Pizzolatto has since, ostentatiously, created a space on his Insta solely for “trolling/support/infighting” around True Detective and the “absolute moral degeneracy and misogyny of anyone who did not think it was good”. Which certainly sounds as if he is over it. And while he is probably using the word “misogyny” sarcastically, it may be a good moment for him to reflect on his actions.

López, meanwhile, has responded gracefully: “I believe that every storyteller has a very specific, peculiar, and unique relation to the stories they create, and whatever his reactions are, he’s entitled to them,” she told Vulture earlier in the run. “[Night Country] is a reinvention, and it is different. And anybody that wants to join is welcome.”

Christopher Eccleston standing in an office beside a police officer on a computer
Christopher Eccleston in True Detective: Night Country. Photograph: AP

It is difficult to imagine what it would require to remain graceful in the face of consistent criticism from a colleague (López and Pizzolatto are executive producers on Night Country). López’s politeness perhaps also reflects a confidence in her work, something that has been vindicated on screen.

While internet males may consider the season to be a traumatising dud (check the opening paragraph of this review for some heartfelt comments), viewing figures have made it the most popular of the four series so far. The number of people watching has grown as it has gone along and the finale was the highest audience for any individual episode. There is a possibility that this happened because people liked what they saw on the screen.

Night Country did things the other True Detectives did not, and not just by giving decent parts to female characters. It extended the lives of its principals beyond an obsession with their work (although that remained too). It made romantic and familial relations as important as any police procedure, giving the show a richer feel and leaving the characters more rounded. While the Wiccan handicrafts and daubed spirals of season one made a return, they were joined by decaying ghosts and ugly apparitions, creating real moments of horror alongside the pervasive American gothic. Also, and no small matter this, the show tied its plots together by the end, which is not something Pizzolatto always achieved. (As for the “men=problem” problem, the most heroic character in the show is male and all the women have problems!)

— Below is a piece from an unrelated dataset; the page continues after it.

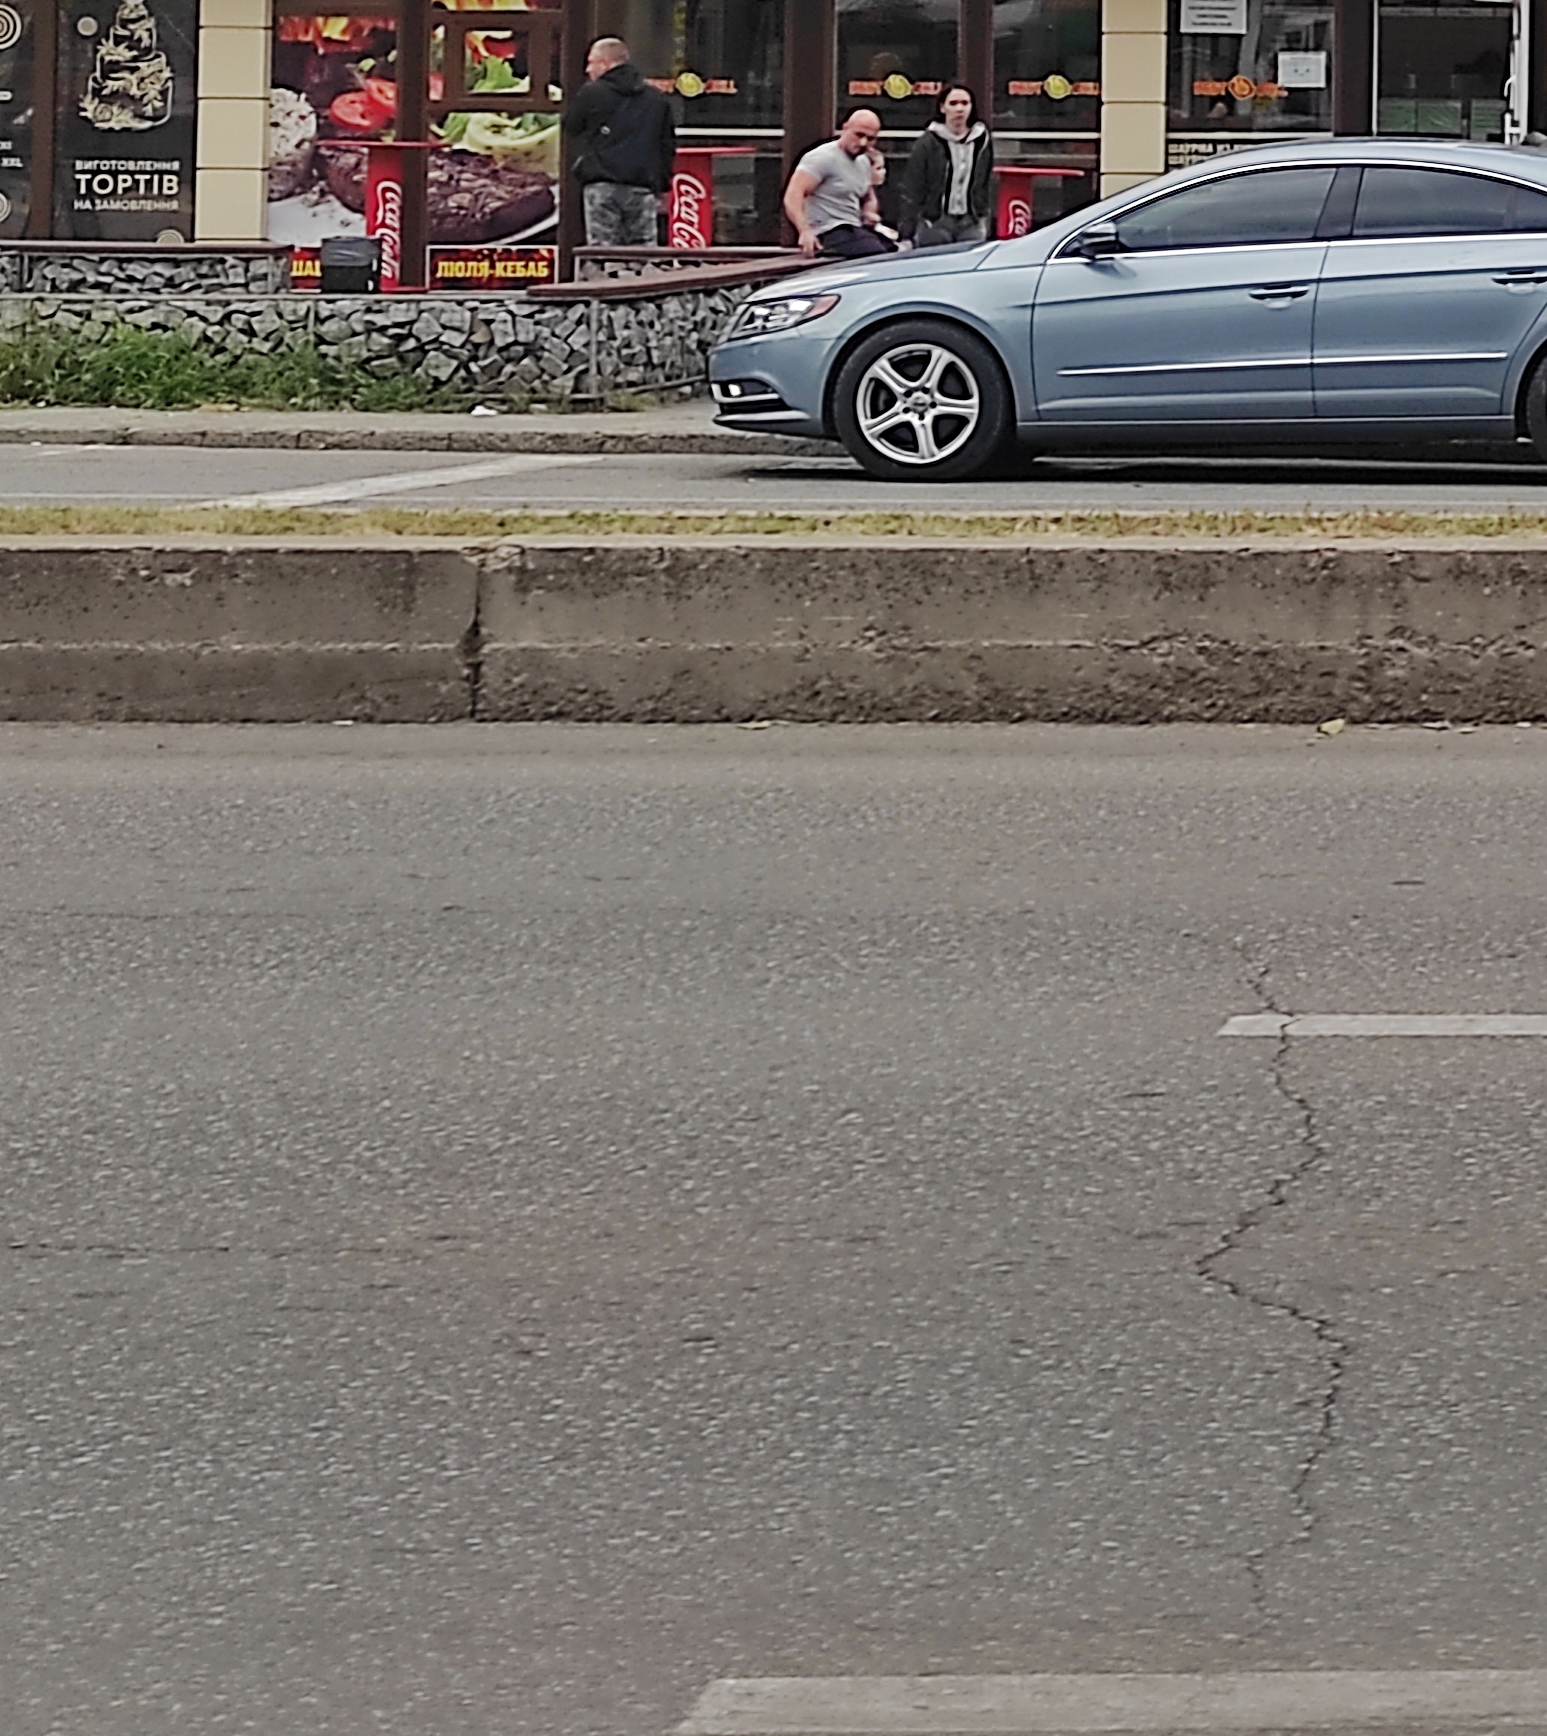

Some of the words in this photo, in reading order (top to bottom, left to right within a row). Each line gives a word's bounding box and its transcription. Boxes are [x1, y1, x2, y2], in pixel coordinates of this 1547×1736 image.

Night Country wasn’t perfect. Some of the dialogue was clunky. If anything, it leaned too far into the horror, while a suspension of disbelief was required if you were truly to believe the world it created. At the same time, it was clearly the best True Detective since the original, opening up new possibilities for the franchise (not least a second outing for detectives Danvers and Navarro). It also did something that may have a wider significance: it created a gritty show about tough cops who happened to be women. Perhaps Pizzolatto may yet be inspired by it.